I've read and been told way too many times that functional algorithms and data structures have an obligatory O(log(N)) slowdown in respect to their procedural (for-loop/array-based) counterparts. But, after thinking about it, I don't see how that could be true. Mind this for loop

int arbitrary_sum(int* arr, int size, int n){ 
    int sum = 0;
    for (int i=0; i<n; ++i) 
         sum += arr[(int)(random()*size)];
    return sum; 

That sums N random elements of an array. You'd saiy this is O(N), but that is taking in account array indexing is O(1), which can't be true. For simplicity, assume memory cells are stored linearly. Since that chip must occupy a linear amount of space, and since a signal requires a linear amount of time to travel given space, then it is obvious an indexing operation takes at least O(S) time to complete. That is the time a signal takes to go from the CPU to the memory cell and come back. This means that the complexity of a for-loop is O(N*S), where N is the number of interactions and S is the size of the state that is visible on that for-loop. This way, the textbook int sum(int* array, int size) function, for example, can't be O(N) - it is, actually, O(N^2), for any reasonable implementation of for, as far as physical laws apply. Using layers of caches we are able to shrink the initial S factor and amend this effects, but that has a runtime cost and doesn't change the asymptotics. Now, lets look at the functional counterpart. The most obvious way to sum a container of numbers functionally is folding over a list. For simplicity, lets examine the sum of 0 to 4 using church lists:

((λc.(λn.(c 0 (c 1 (c 2 (c 3 (c 4 n))))))) + 0)
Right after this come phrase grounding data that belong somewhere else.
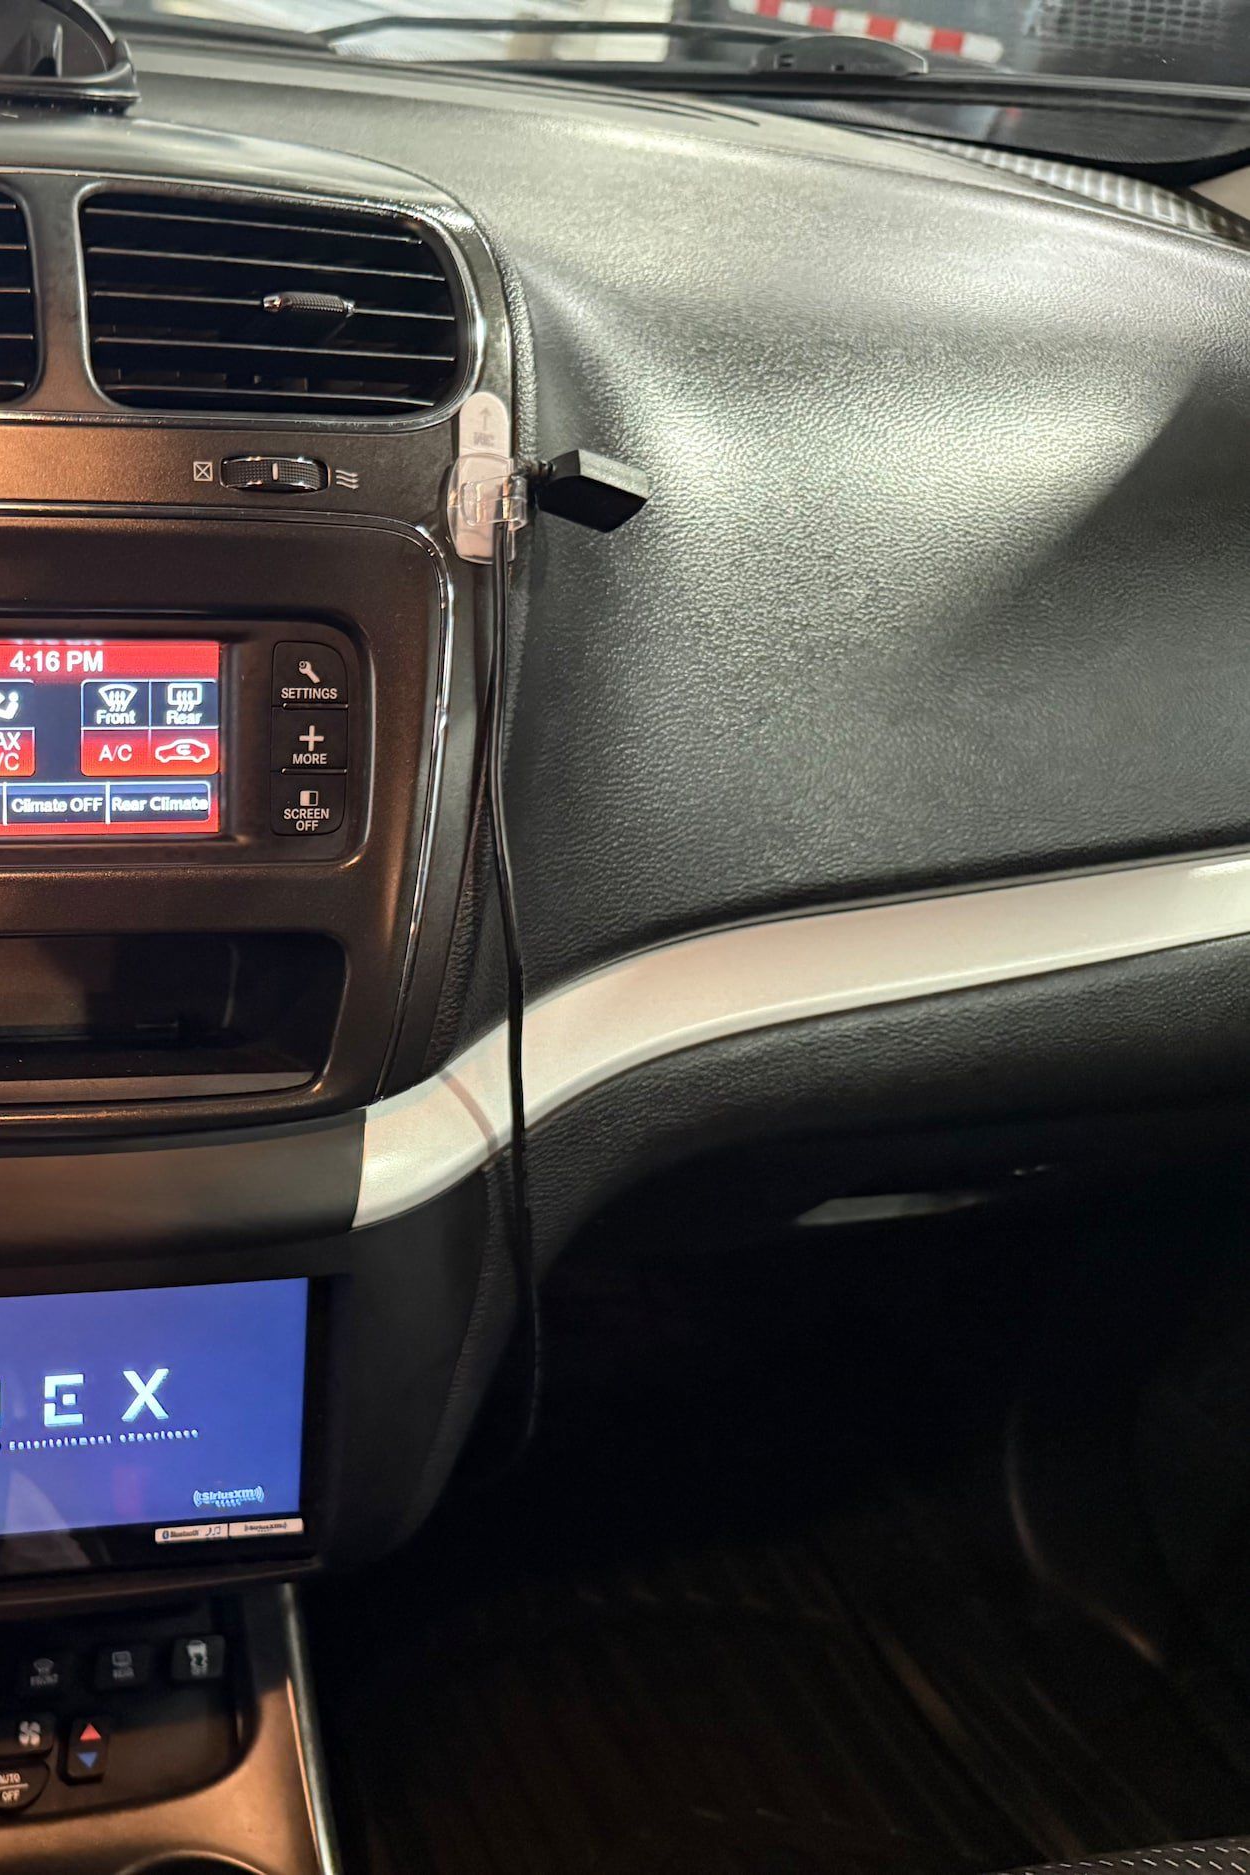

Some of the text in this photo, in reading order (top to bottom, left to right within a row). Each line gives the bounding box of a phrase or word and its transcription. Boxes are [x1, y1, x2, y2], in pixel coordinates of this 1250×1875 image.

[9, 650, 104, 673] 4:16 PM
[280, 687, 338, 700] SETTINGS
[96, 710, 136, 725] Front
[166, 710, 203, 725] Rear
[98, 744, 133, 762] A/C
[292, 753, 327, 765] MORE
[11, 797, 103, 813] Climate OFF
[111, 796, 209, 812] Rear Climate
[283, 808, 330, 820] SCREEN
[295, 820, 319, 832] OFF
[1, 1790, 20, 1802] OFF
We can optimally evaluate a λ program is using an interaction net, so, lets encode that program as one:

interaction net for the sum of 0 til 4 on the lambda calculus

Now, let me propose a new model of computer. Instead of separating the CPU and the memory, we instead store a simplistic computing unit together with each memory cell, each one capable of sending/receiving signals and processing local reductions. On this system, we can reduce the ((λ ...list...) +) abstraction by sending parallel signals from the topmost λ node to each corresponding application. We can also reduce the outermost abstraction by sending 0 to the last application of the list. All that takes no more than 2 runs through the list, and the result is:

second interaction

From here on, it is clear that the rest of the computation will take a linear amount of time to complete. After all, each redex is local, and the redexes are reduced one by one, producing the result from the tail of the list up to its head.

I'm tired of typing

Under this point of view, it seems to me that functional programs are actually asymptotically faster than imperative counterparts, so, why is the opposite considered the truth?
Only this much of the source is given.